Tenho que começar a crer mais nestas coisas de marketing pessoal e tals… foi só eu escrever um ‘poste’ dizendo que eu não tinha muita coisa interessante pra dizer que as estatísticas baixaram consideravelmente. Outra coisa que me fez pensar no assunto foi ler lá numa das paredes da esplanada que temos um Ministério do Desenvolvimento e do Combate à Fome. Achei meio negativo. Precisar de um Ministério para combater a fome é assumir uma incompetência tamanha, do governo e do povo. Enfim…
O saldo do fim de semana foi muuuuito positivo. Alguns pontos fortes:
1) Ver Brasília verde (pq só me lembrava dela em épocas de seca). Estava tudo lindo.
2) Olhos extremamente atentos a mim no congresso na hora da minha apresentação. E, sem modéstia, mandei MUITO bem.

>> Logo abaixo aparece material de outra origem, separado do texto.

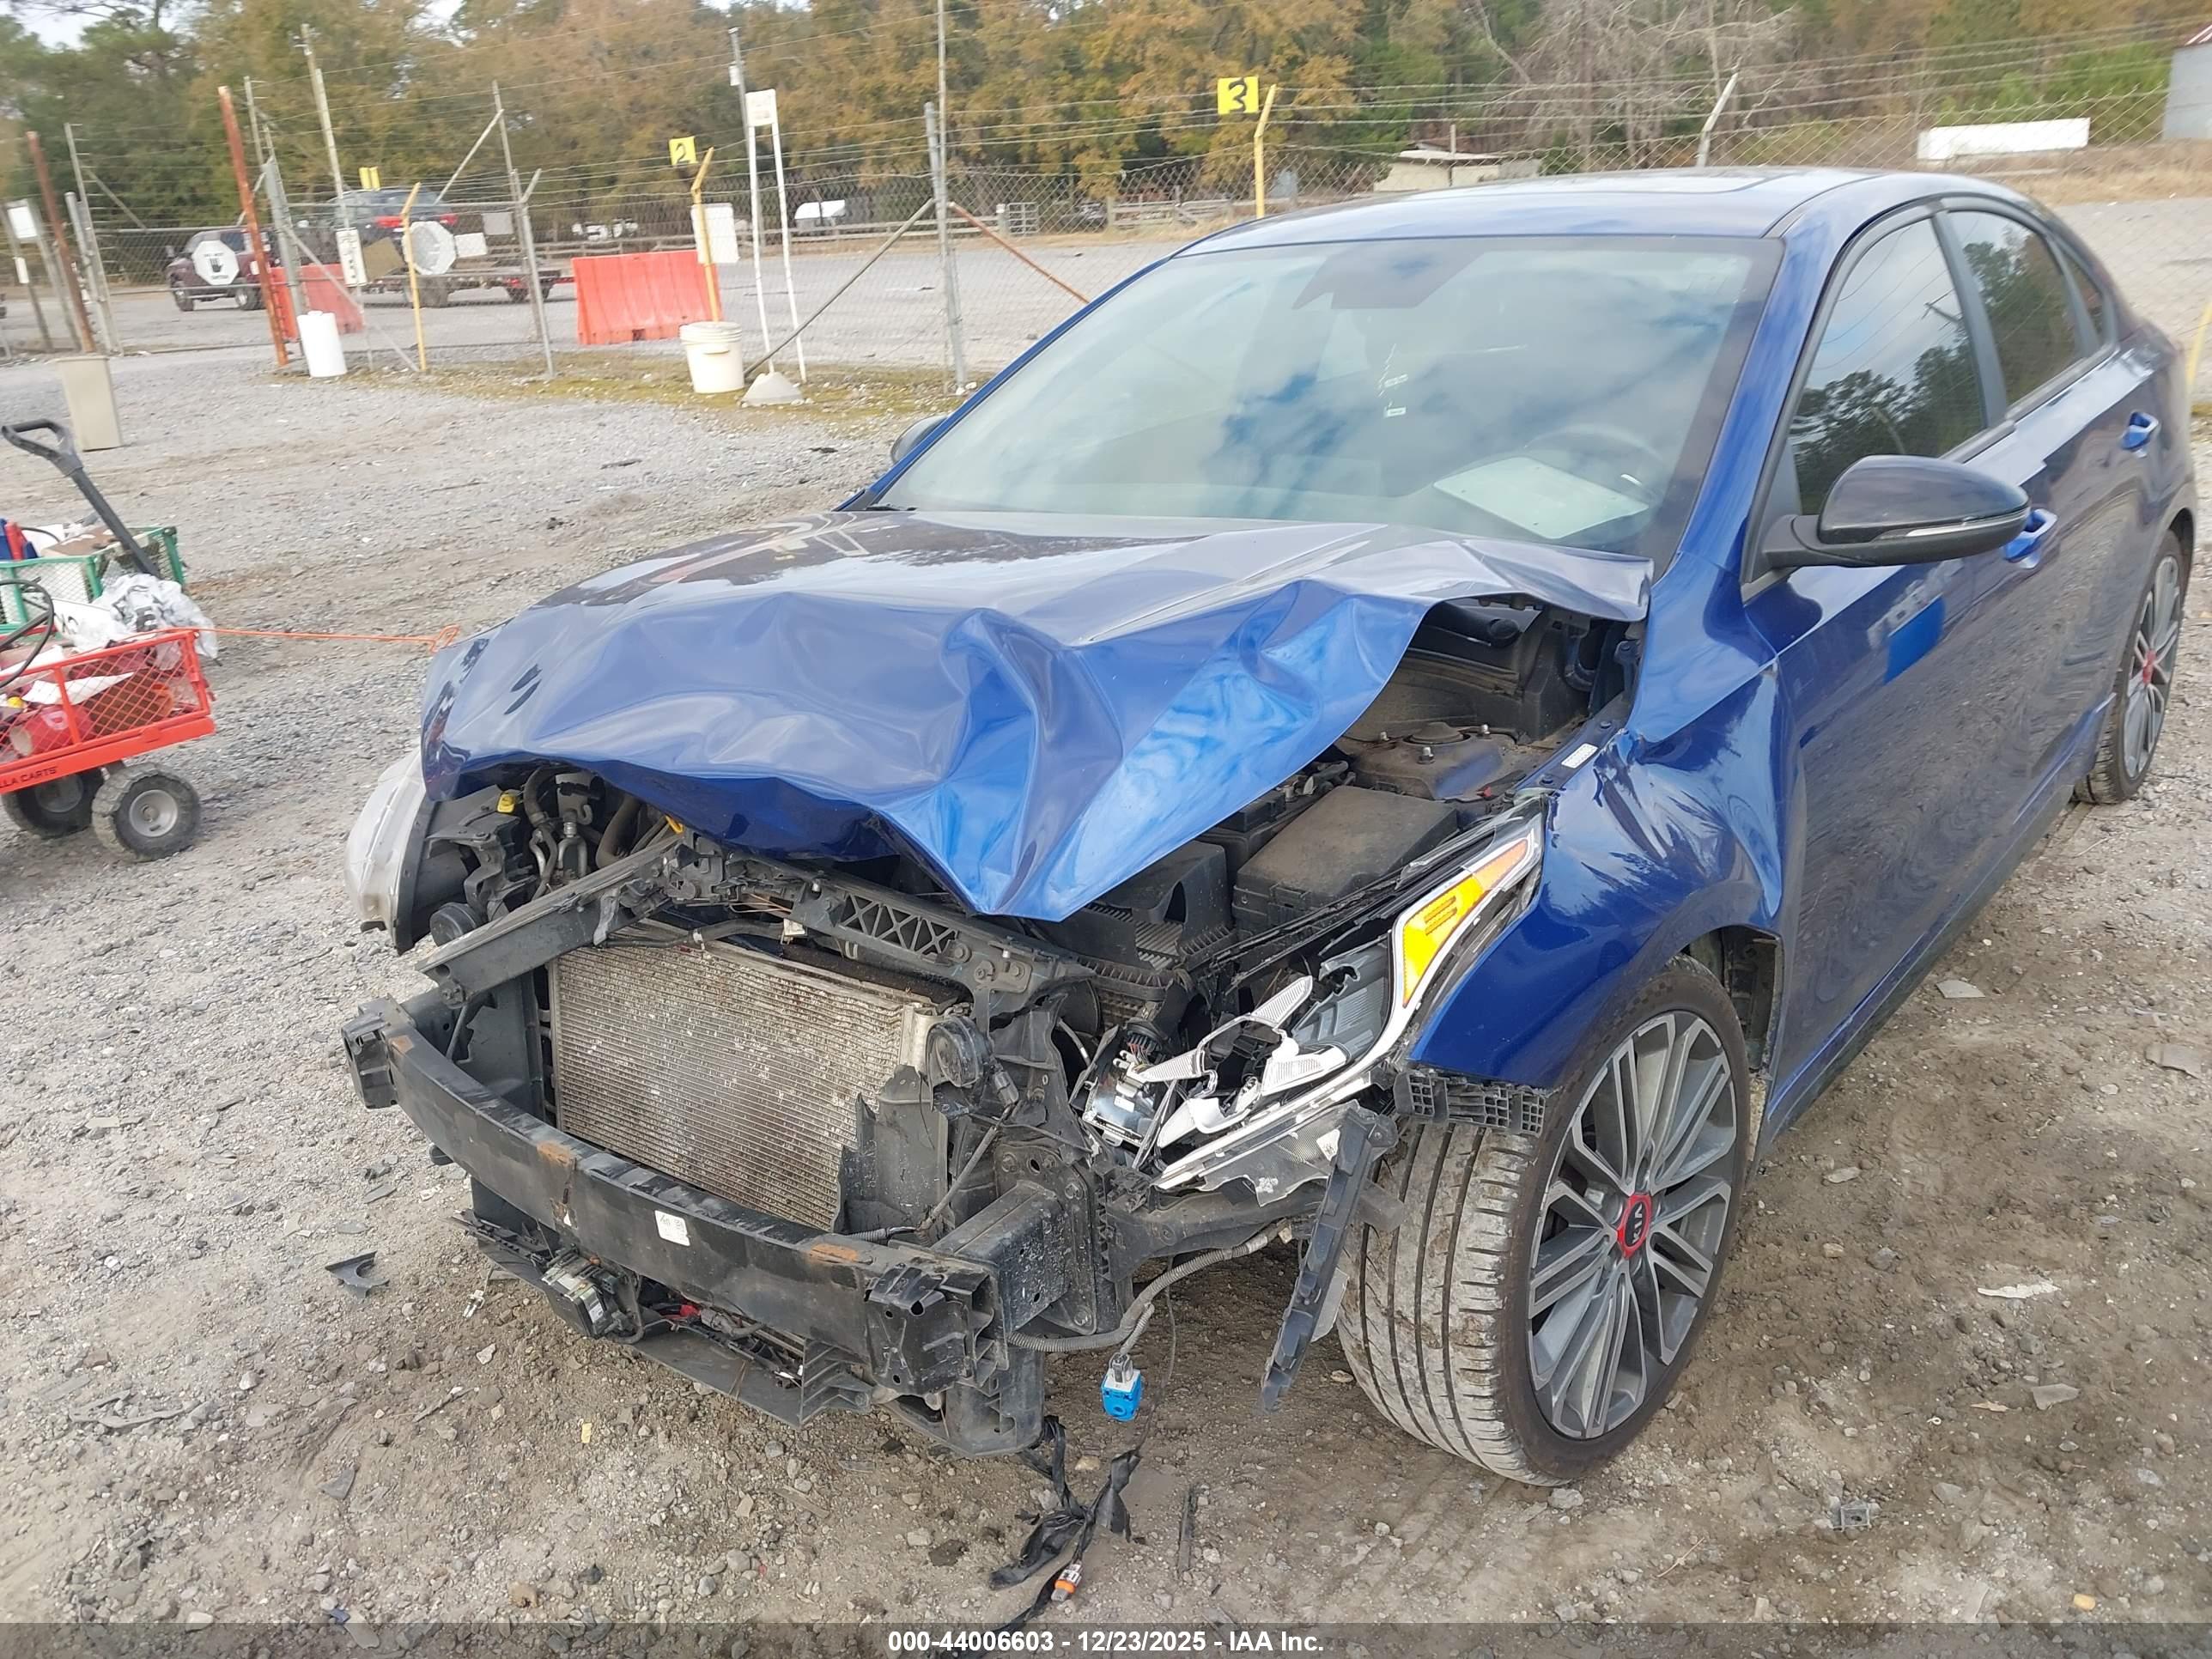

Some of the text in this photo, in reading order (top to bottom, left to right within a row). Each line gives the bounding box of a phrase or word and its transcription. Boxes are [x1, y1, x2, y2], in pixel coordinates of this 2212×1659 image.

[1228, 78, 1247, 112] 3
[675, 143, 690, 164] 2
[20, 766, 58, 782] CARTS
[1632, 1202, 1644, 1244] KIA
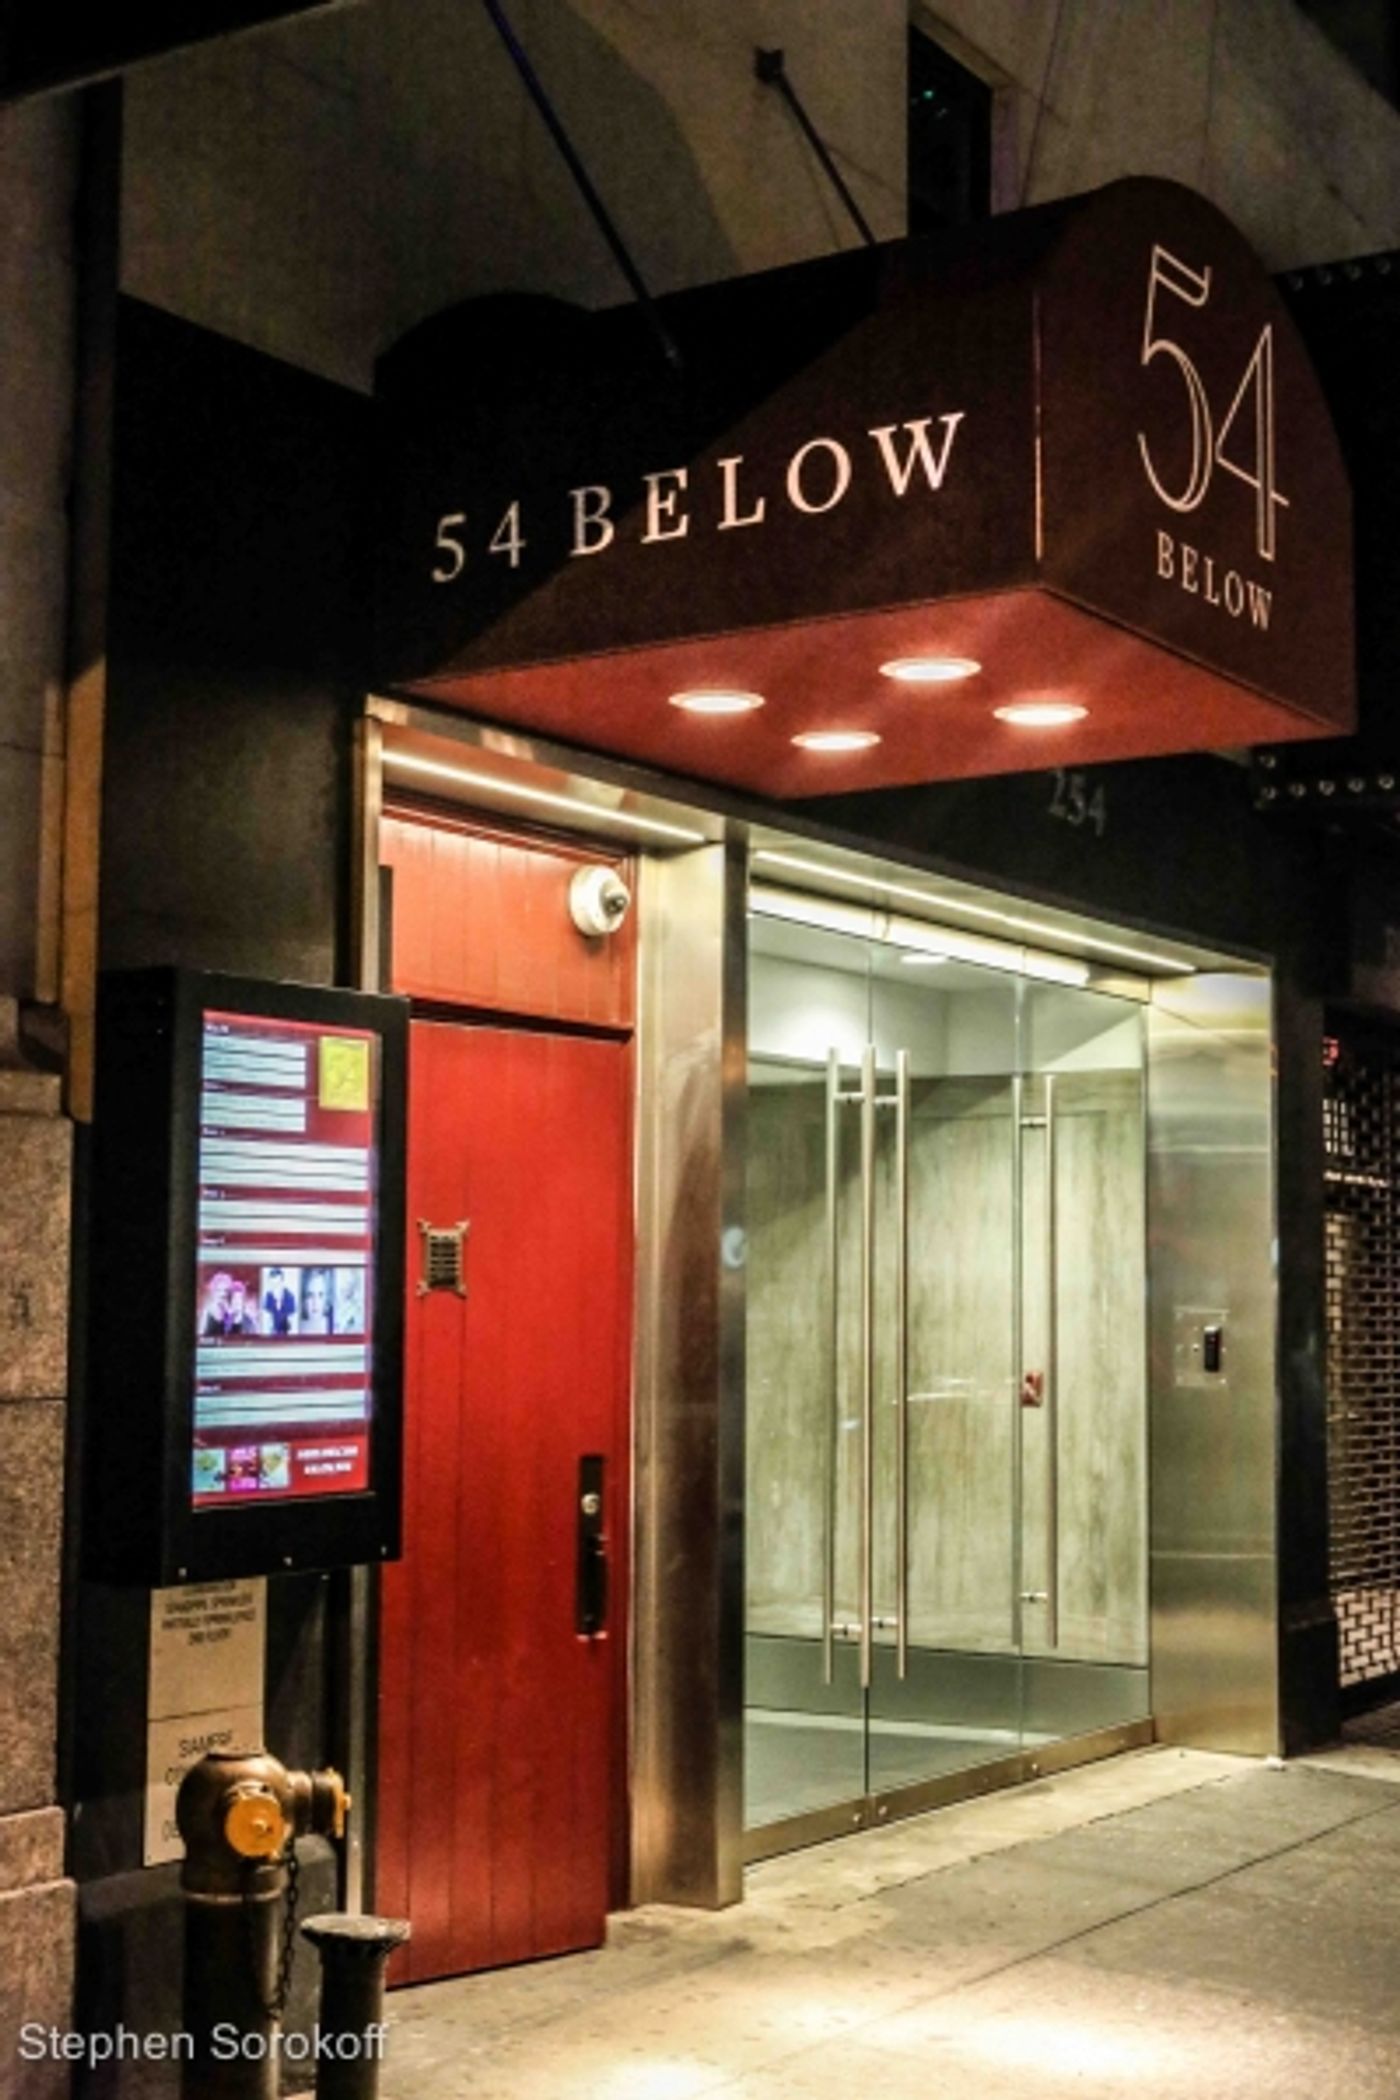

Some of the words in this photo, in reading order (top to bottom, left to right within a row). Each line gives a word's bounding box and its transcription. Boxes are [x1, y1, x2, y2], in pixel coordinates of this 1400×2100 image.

[1138, 245, 1289, 562] 54
[433, 502, 525, 582] 54
[571, 412, 965, 555] BELOW
[1157, 530, 1272, 630] BELOW

3) Encontrar com um dos professores mais queridos da minha vida, pessoa linda e cheia dE sotaquE, que não via há um tempinho, ser reconhecida (professores nem sempre se lembram dos alunos), ganhar um beijo e um abraço.
4) Ser muito bem recebida em duas casas, da minha família de sangue e de uma família do coração. Se sentir querido NUNCA é demais (bom pra lembrar de sempre retribuir este carinho a todas as pessoas).
5) Fazer turismo na chuva, rindo da própria desgraça (!), tirando mil fotos, pagando mil micos (não os micos normais de turistas, mas outros, que a gente sempre inventa).
6) Me emocionar mais com tudo do Niemeyer que eu já conhecia e que eu ainda não conhecia (bom pra lembrar sempre que, como ele diz, “é tudo muito simples”).
7) Comida mexicana, comida nordestina, “sertanejo universitário” (é… ponto forte apenas no sentido de experiência antropológica), pub com cervejas e rock’n'roll ao vivo, pão de queijo (mesmo, feitos pra mim) e, é claro, cosmopolitans.
8.) Duas mensagens que chegaram ao meu celular, assim, do nada. Tá bom, essa não tem nada a ver com Brasília, mas eu estava lá, desligada da minha rotina, e… então… é sempre bom, muito bom.